The second example also came from Facebook and is a prime example of the Trump Derangement Syndrome that seems to have infected some of those on the left. I see it every morning with the Dallas Morning News. Reminiscent of the early days of ABC’s Nightline during the Iran hostage crisis where the show opened with “Day X”, the Dallas Morning News has an ongoing post of “Day Y of the Trump Presidency” (or words to that effect).
The Facebook post bringing it all to mind this morning was dated 18 hours before I first saw it. Someone was condemning Trump because he hadn’t issued a statement about the protests and arrests in Russia. The implication being he hadn’t issued a statement because he is a Russian mole in the White House. The only problem was I’d been up for more than an hour and hadn’t seen anything about the protests in my wandering through the interwebs, nor had I seen anything about it the night before when I watched the news.
So, I went strolling through the internet, looking at the homepages of some of the major news outlets and other sites where such a story might show up. It took me four sites before I found anything and, even then, I had to scroll down three screens or more before I found the story.
Funny, there had been no condemnation of the media for not carrying the story, only of Trump because he hadn’t been vocal in condemning the Russian handling of the situation as soon as he learned of it. Oh the horror because Russia did something and Trump didn’t instantly jump in to say Russia needed to stop being, well, Russia.
But let’s not consider the fact Trump might be waiting for more information about what really happened in Russia. Information not only from media sources and Russia itself but form our own intelligence community. Oh no, let’s immediately respond. How much you want to bet the person condemning him on Facebook would have a different view if the protest and arrests had occurred in London or Paris — or even Beijing? The fact it was Russia and Trump is president was enough of a connection for her to condemn him.
That’s the problem with social media. Well, one of the problems. We can do or say anything we want and hit enter without thinking. Too many of us tend to do so. We post things without considering that we might not have all the facts. We forget that once something hits the internet, it is there forever. Social media is the modern day version of walking out of the restroom with toilet paper trailing behind you, tucked into your pants or stuck on your heels.

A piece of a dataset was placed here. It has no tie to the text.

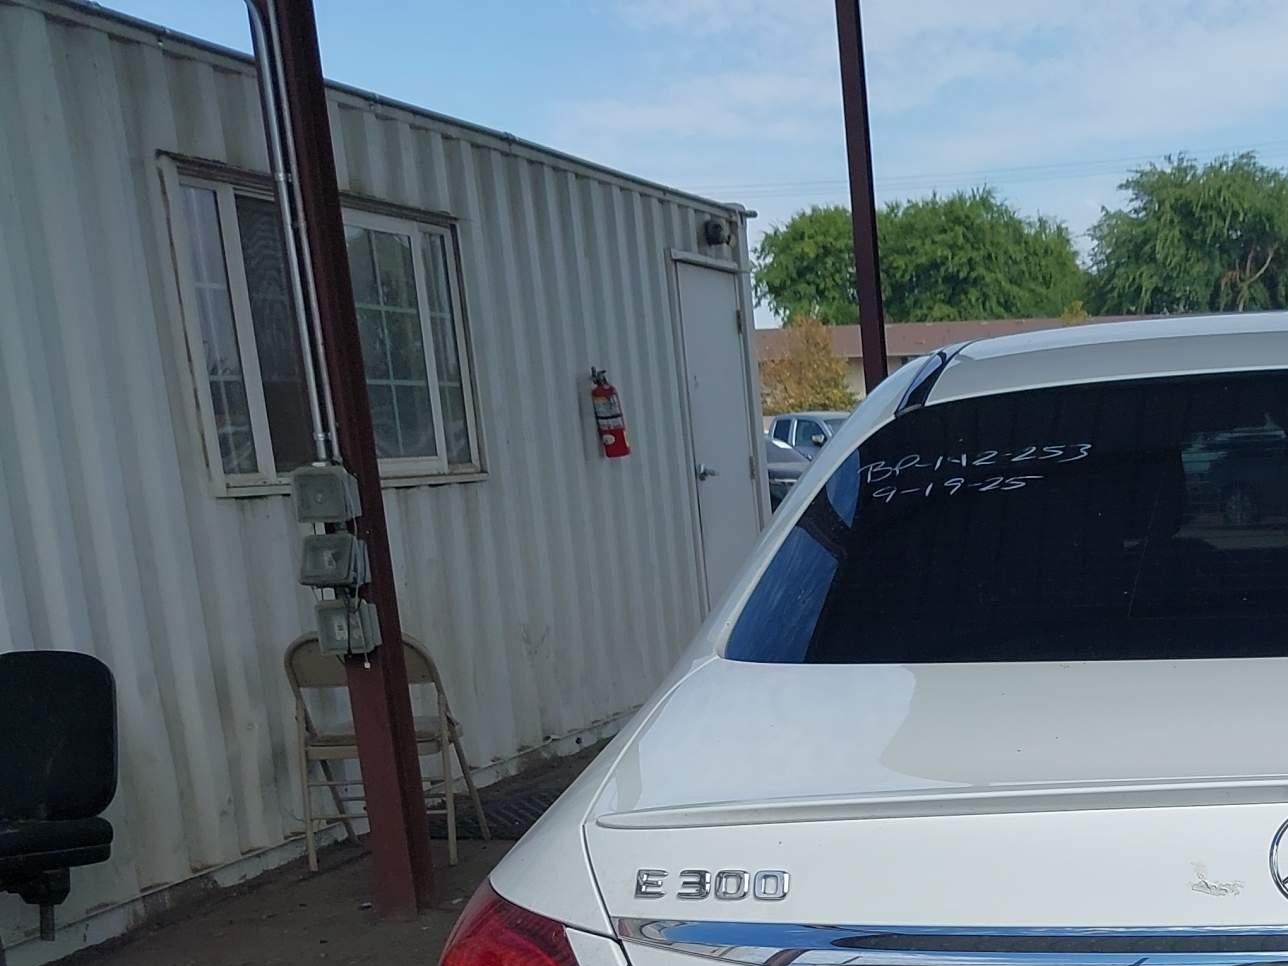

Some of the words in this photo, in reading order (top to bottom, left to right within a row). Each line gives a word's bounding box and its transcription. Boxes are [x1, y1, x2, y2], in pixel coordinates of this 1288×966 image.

[873, 475, 1044, 502] 9-19-25
[635, 869, 669, 900] E
[676, 869, 791, 901] 300

But there is another problem with social media, one we are all guilty of. We are too quick to accept as accurate what we see posted on Twitter or FB or whatever our favorite platform might be. It is up to us to ask the same questions of those “sources” we do of the media and of our politicians, etc. If we don’t, then we hold at least some of the responsibility if a story is later clarified or proven to be false and we shared the false or misleading information without disclaimers or questions. It is time for each of us to start taking responsibility for what we put out into cyberspace.
In other words, it is time we start thinking before hitting the “share” button.